What's your IQ worth?

Chris Langan is purportedly the smartest person in the world (IQ 210).  What can we learn from him?

If you get far enough into this video series (video 3), you will hear this dialogue:

Interviewer: "Say you had the opportunity to run the world.  How would you do it?"

Langan: "Well one of the first things that I would do is I would institute something like the Manhattan project for a safe long-lasting means of birth control.  Simply implant that in all children at age 10.  That would solve our population problem right off the bat and it would also enable us to practice a benign form of eugenics.  Or I should probably say anti-dysgenics.  Prevent undesirable mutations in the human genome.  People who wanted to have children would apply to make sure they had no disease.  Either we have to do it through genetic engineering or we have to let only the fit breed.  We like to think that it is our right to breed as incontinently as we want to... have as many kids as we want with whomever we want to.  Future generations of mankind are being saddled with the results of what we do or don't do.  Freedom is not necessarily a right.  It is a priviledge that we have to earn.  A lot of people abuse their freedom and that is something that people have to be trained not to do." 

He goes on to say that he'd be happy to train people... just put him in charge.

Thanks, Hitler, we'll keep that in mind.  So what role does IQ play in entrepreneurship?  Langan has an advantage over you in business like the large gentleman pictured to the left has an advantage over you in golf.  They are two entirely different things-- unless you are in the business of taking IQ tests.  I admit that I kind of like Langan though.  You have to admire somebody who went through everything he has and now dedicates his life to saving humanity, albeit through eugenics.

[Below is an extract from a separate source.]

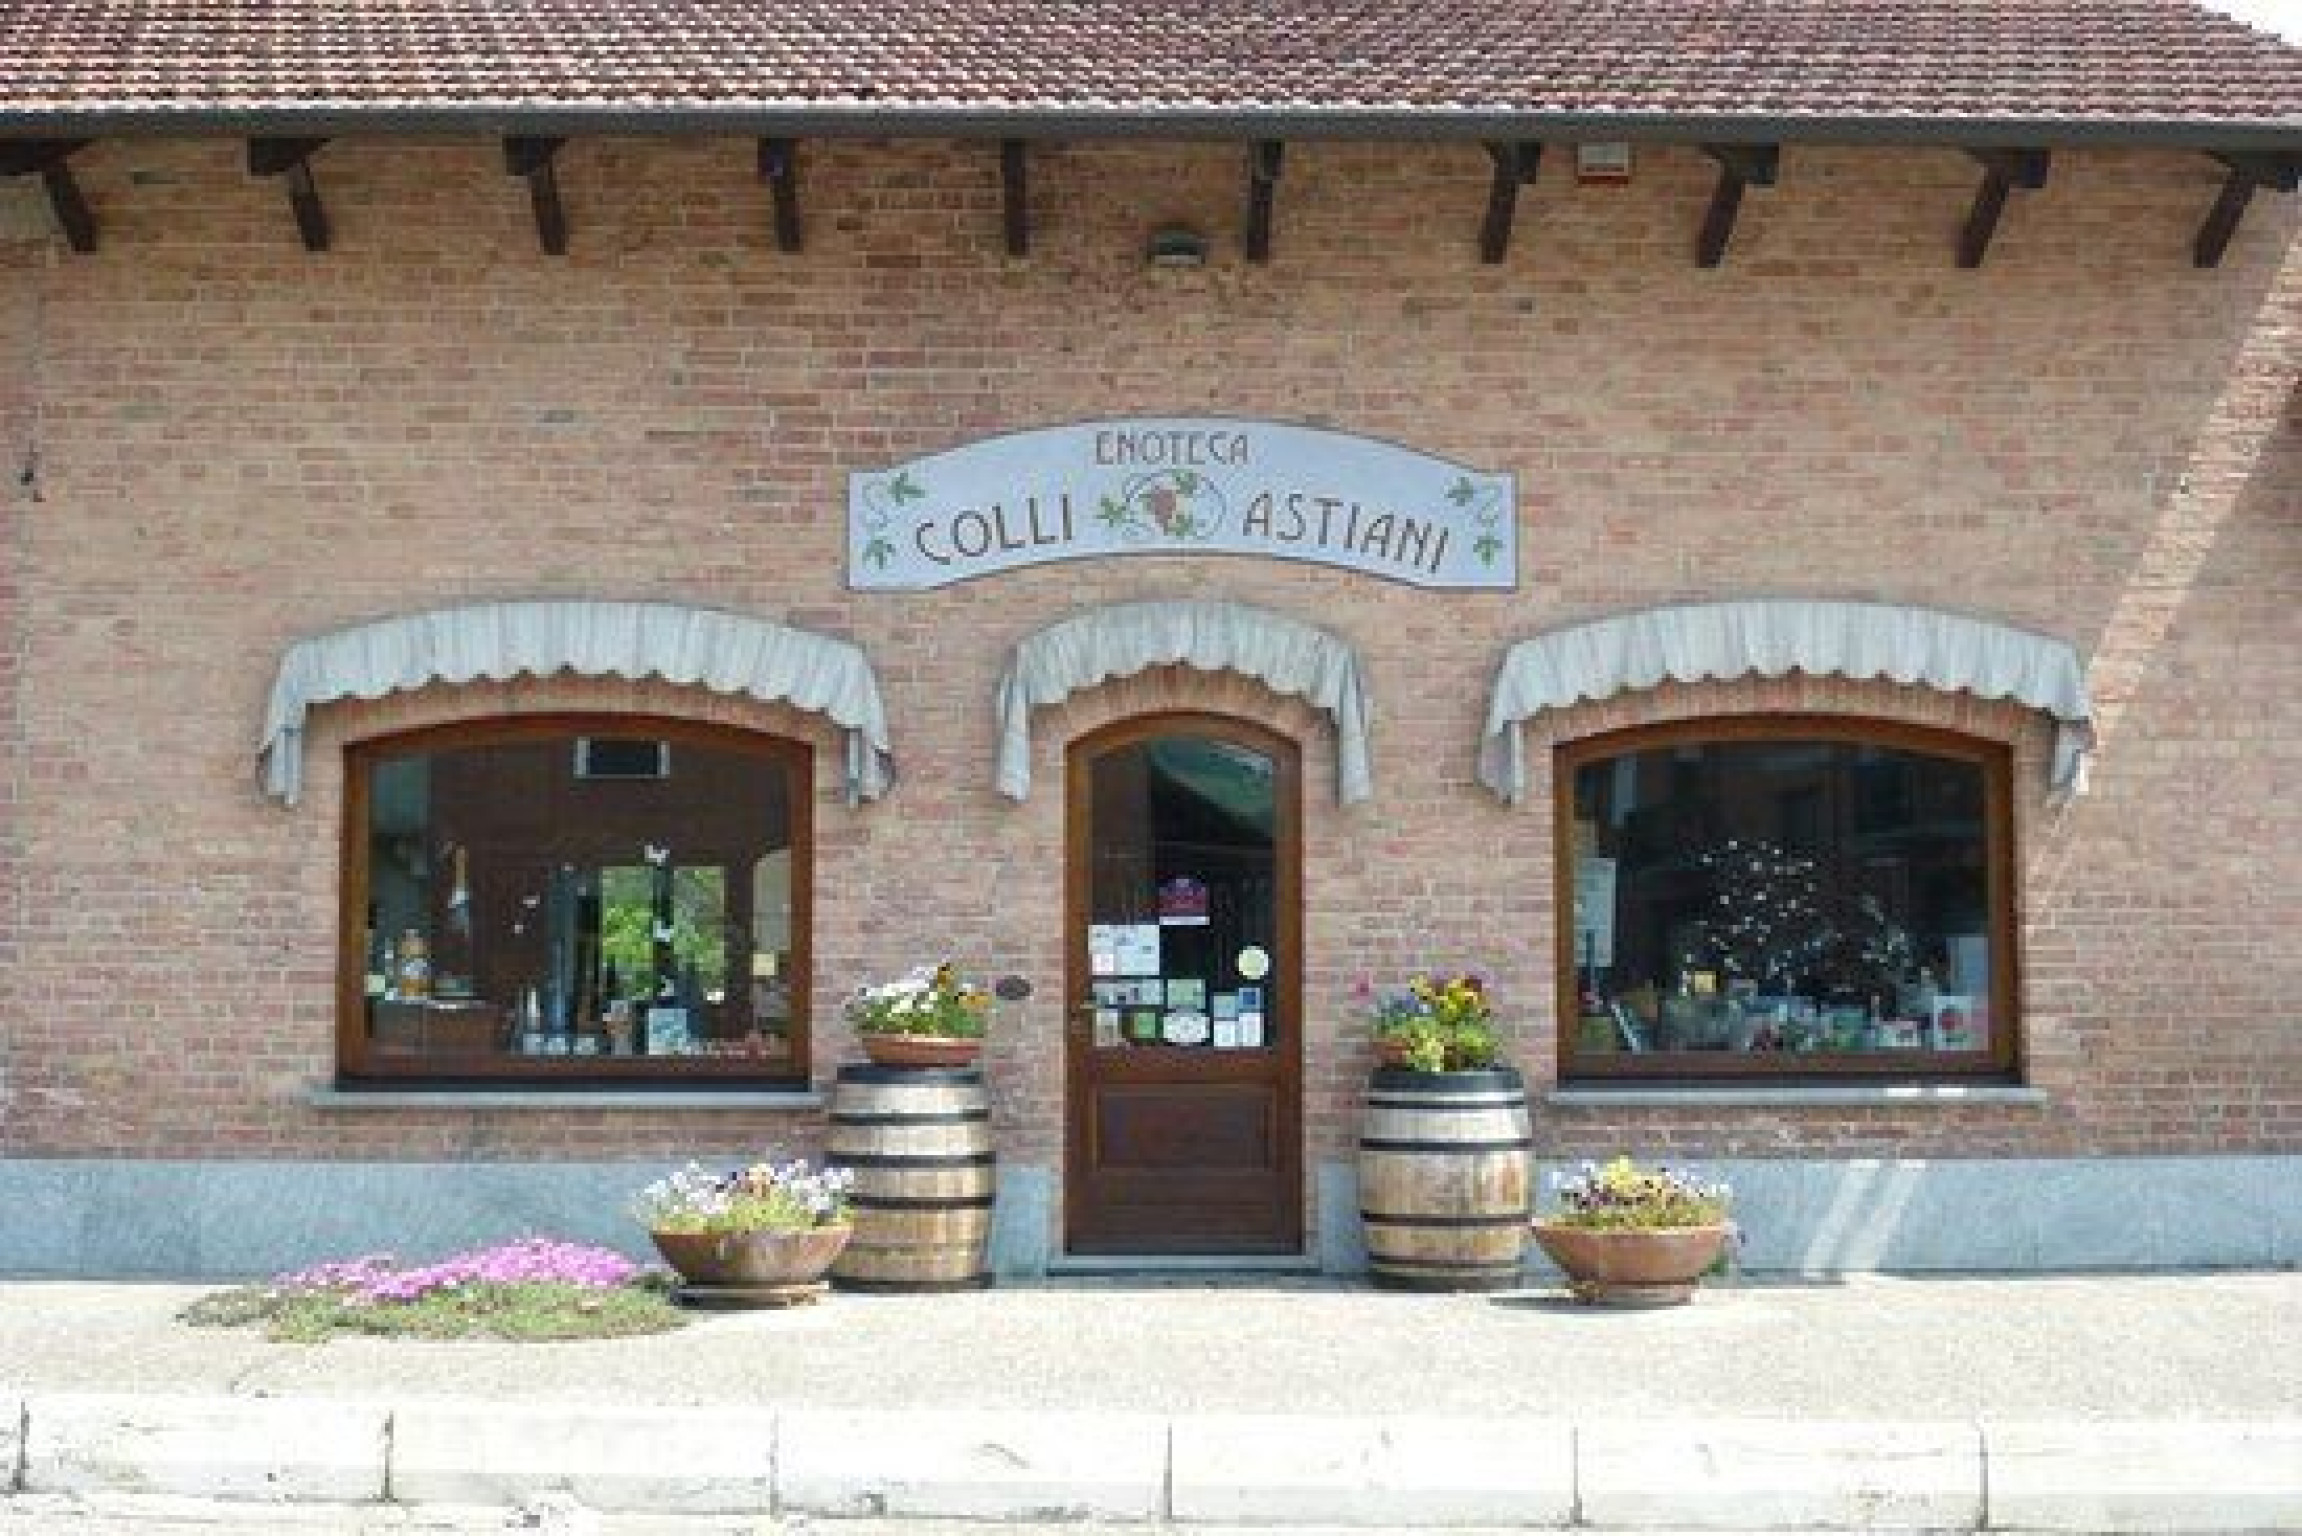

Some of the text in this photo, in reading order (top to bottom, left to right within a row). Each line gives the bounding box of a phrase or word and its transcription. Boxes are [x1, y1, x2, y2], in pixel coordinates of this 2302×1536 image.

IQ does not equal intelligence in my view.  But why does he end up on top of what we define as intelligence?  Perhaps we can find some insight into our own standard measure of intelligence by looking at impairment... there are cases where a stroke in a certain area of the frontal cortex increases IQ by 15 or more points in some patients.  Clearly, it cannot be measuring all mental ability accurately when damage to your brain can increase your score.  

It does a good job of testing certain abilities, but it leaves out a number of very important ones, such as creativity, which I think most people believe is probably the most important ability.  Some people who are born with only half a brain (only a left or right hemisphere) or with an organic disease, such as autism, perform conspicuously well at certain tasks that we associate with intelligence.  They sometimes have phenomenal memories, can perform mind-blowing math skills, or can calendar count (see Daniel Tammet and Stephen Wiltshire below).

Daniel Tammet

Stephen Wiltshire

These are amazing abilities, but I think they also demonstrate how powerful a normal brain must be.  It may be that our definition of intelligence needs to be rethought.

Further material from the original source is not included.